A concern for social problems is shown in his Socialism: or the wrongs and remedies of our social condition (1878), which cites socialist and communist writers, accepts the legitimacy of trade unions, and praises the Rochdale Equitable Pioneers' Society whose activities formed the basis of the modern co-operative movement. Nevertheless, Copland argues that the sole remedy for working-class distress, given that class's natural indolence, improvidence and tendency to multiply, is education, co-operation and emigration. There is no reference at all to New Zealand conditions.
A keen traveller and observer, Copland was, in some respects, a man of the world. His breadth of outlook is shown in his wide-ranging writings, his critique of extremist teetotalism, his impatience with sectarianism, his support for Presbyterian church union, and his advocacy of the scholarly training of ministers and missionaries within New Zealand. He was concerned with educational issues, advocating the provision of scholarships to a non-élitist New Zealand university and supporting a non-denominational school system to provide 'the real thinking power in the land'; its curriculum should include scientific instruction as a relief from the 'continual grinding of the three R's'. To complement this secular education Copland campaigned tirelessly for better equipped Sunday schools and for the Bible in schools movement.
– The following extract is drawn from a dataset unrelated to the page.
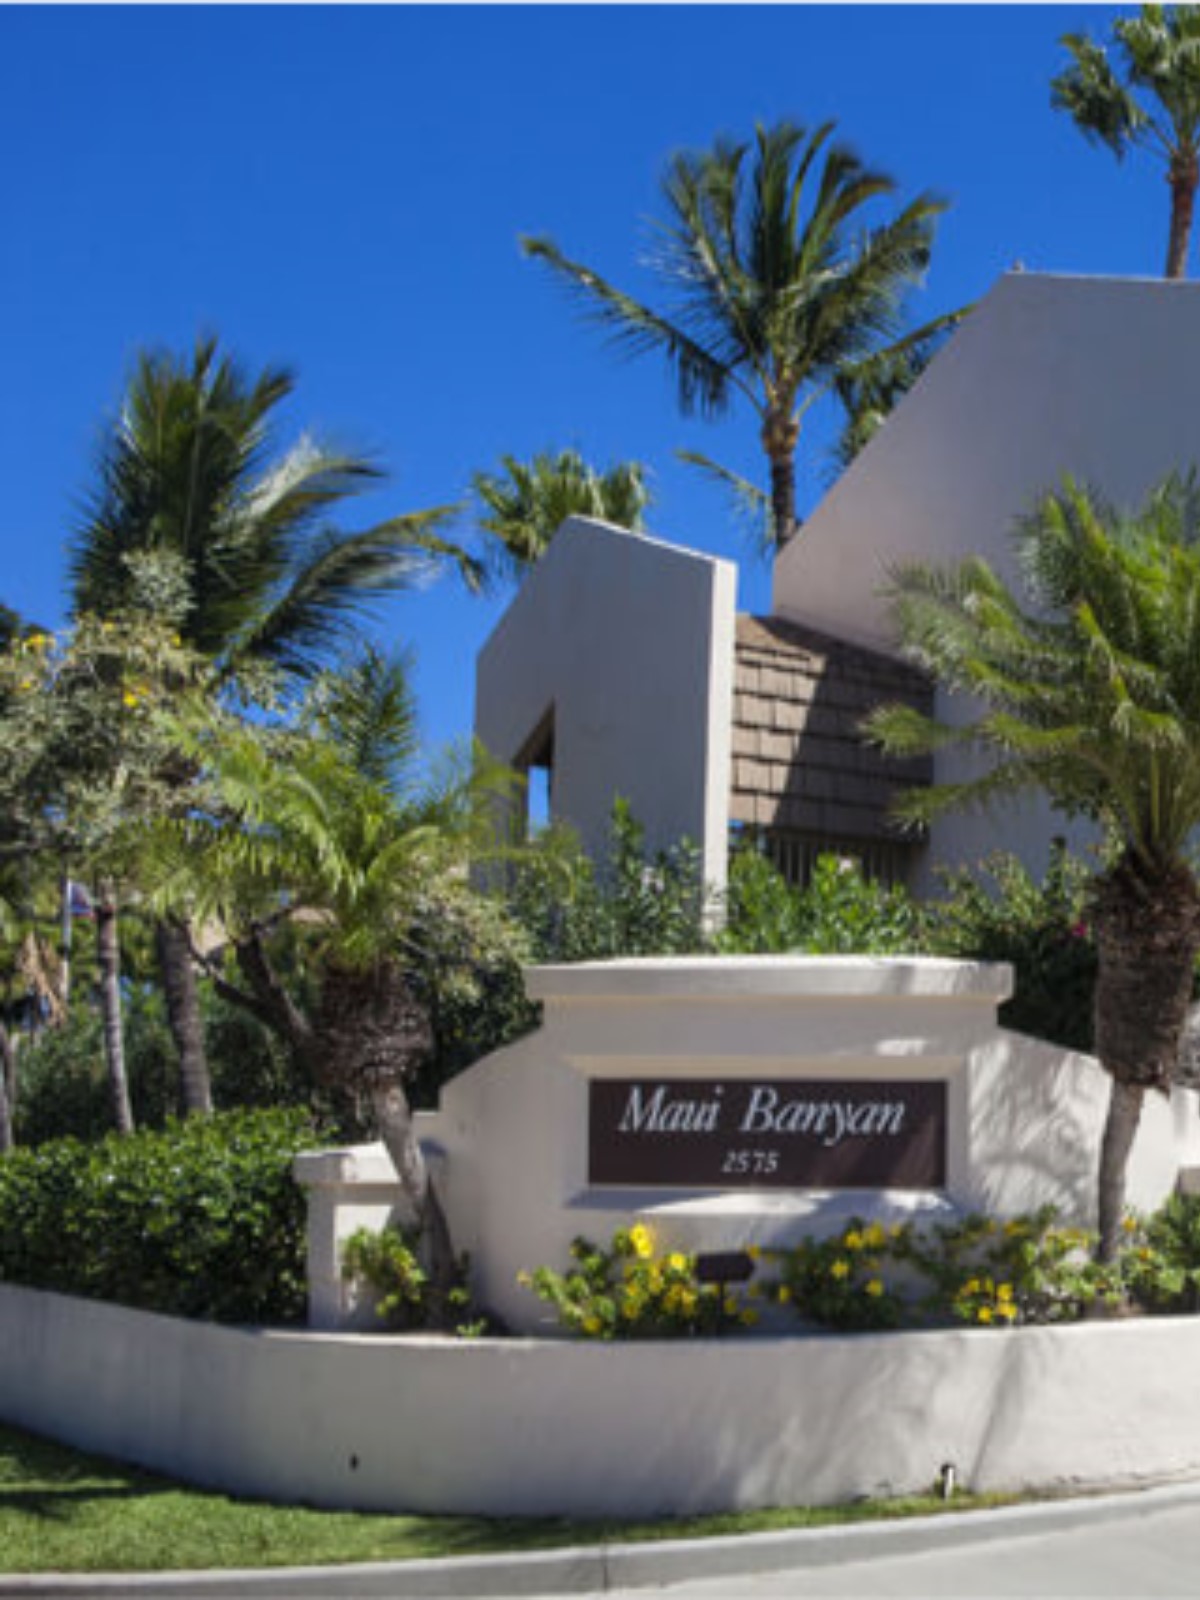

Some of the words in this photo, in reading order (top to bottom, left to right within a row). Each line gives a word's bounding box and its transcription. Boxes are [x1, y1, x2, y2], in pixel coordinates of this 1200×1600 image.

Copland's considerable talents flowed increasingly, however, into a rearguard action against the spread of radicalism and infidelity. He promoted revivalist meetings, wished to tighten up church discipline, defended the 'sanctions of morality' and opposed the religious indifference caused by the 'knocking about of colonial life'. He expressed alarm at the desecration of the sabbath, the Divorce and Matrimonial Causes Act 1867 and the Contagious Diseases Act 1869, both of which, he believed, encouraged vice. He opposed the legalisation of marriage to one's deceased wife's sister, and was a fierce foe of the Catholic bishop Patrick Moran, 'ritualist' Anglicanism and freethinkers. Yet he was no narrow Presbyterian: he advocated a truly catholic Christianity, by which he meant a well-educated, evangelical Protestantism transcending our 'endless divisions'. He exemplifies the particular strengths and weaknesses of an emergent New Zealand Presbyterianism, combining considerable scholarship and concern for liberal education with moral, social and theological conservatism. He died at Gore on 9 November 1902, survived by his second wife and four children of his first marriage.